[DATA EXCERPTS — start]

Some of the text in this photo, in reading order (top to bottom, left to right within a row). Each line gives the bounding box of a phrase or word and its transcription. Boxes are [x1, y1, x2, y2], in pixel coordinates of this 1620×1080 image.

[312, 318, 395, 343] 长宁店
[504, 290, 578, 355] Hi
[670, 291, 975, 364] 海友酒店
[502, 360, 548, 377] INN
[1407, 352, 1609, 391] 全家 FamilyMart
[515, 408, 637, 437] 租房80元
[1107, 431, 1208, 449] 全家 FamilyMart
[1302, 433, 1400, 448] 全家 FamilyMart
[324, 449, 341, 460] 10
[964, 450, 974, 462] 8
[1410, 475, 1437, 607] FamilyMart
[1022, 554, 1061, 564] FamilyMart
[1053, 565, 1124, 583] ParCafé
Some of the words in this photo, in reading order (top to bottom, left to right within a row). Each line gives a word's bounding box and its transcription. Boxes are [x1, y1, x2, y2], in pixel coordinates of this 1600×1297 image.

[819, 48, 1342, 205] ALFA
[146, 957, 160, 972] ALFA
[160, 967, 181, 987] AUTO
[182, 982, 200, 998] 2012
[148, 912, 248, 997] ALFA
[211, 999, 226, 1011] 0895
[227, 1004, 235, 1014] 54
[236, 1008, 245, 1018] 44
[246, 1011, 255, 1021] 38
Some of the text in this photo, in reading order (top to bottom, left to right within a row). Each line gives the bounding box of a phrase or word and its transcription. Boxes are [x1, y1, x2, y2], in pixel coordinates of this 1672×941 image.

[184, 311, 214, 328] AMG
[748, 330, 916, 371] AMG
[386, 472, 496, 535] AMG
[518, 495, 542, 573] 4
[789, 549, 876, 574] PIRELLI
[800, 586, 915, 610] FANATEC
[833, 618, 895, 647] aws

[DATA EXCERPTS — finish]

## TASK REQUIREMENTS
Please give all of the entries again, exactly as written.

## YOUR RESPONSE
Some of the text in this photo, in reading order (top to bottom, left to right within a row). Each line gives the bounding box of a phrase or word and its transcription. Boxes are [x1, y1, x2, y2], in pixel coordinates of this 1620×1080 image.

[312, 318, 395, 343] 长宁店
[504, 290, 578, 355] Hi
[670, 291, 975, 364] 海友酒店
[502, 360, 548, 377] INN
[1407, 352, 1609, 391] 全家 FamilyMart
[515, 408, 637, 437] 租房80元
[1107, 431, 1208, 449] 全家 FamilyMart
[1302, 433, 1400, 448] 全家 FamilyMart
[324, 449, 341, 460] 10
[964, 450, 974, 462] 8
[1410, 475, 1437, 607] FamilyMart
[1022, 554, 1061, 564] FamilyMart
[1053, 565, 1124, 583] ParCafé
Some of the words in this photo, in reading order (top to bottom, left to right within a row). Each line gives a word's bounding box and its transcription. Boxes are [x1, y1, x2, y2], in pixel coordinates of this 1600×1297 image.

[819, 48, 1342, 205] ALFA
[146, 957, 160, 972] ALFA
[160, 967, 181, 987] AUTO
[182, 982, 200, 998] 2012
[148, 912, 248, 997] ALFA
[211, 999, 226, 1011] 0895
[227, 1004, 235, 1014] 54
[236, 1008, 245, 1018] 44
[246, 1011, 255, 1021] 38
Some of the text in this photo, in reading order (top to bottom, left to right within a row). Each line gives the bounding box of a phrase or word and its transcription. Boxes are [x1, y1, x2, y2], in pixel coordinates of this 1672×941 image.

[184, 311, 214, 328] AMG
[748, 330, 916, 371] AMG
[386, 472, 496, 535] AMG
[518, 495, 542, 573] 4
[789, 549, 876, 574] PIRELLI
[800, 586, 915, 610] FANATEC
[833, 618, 895, 647] aws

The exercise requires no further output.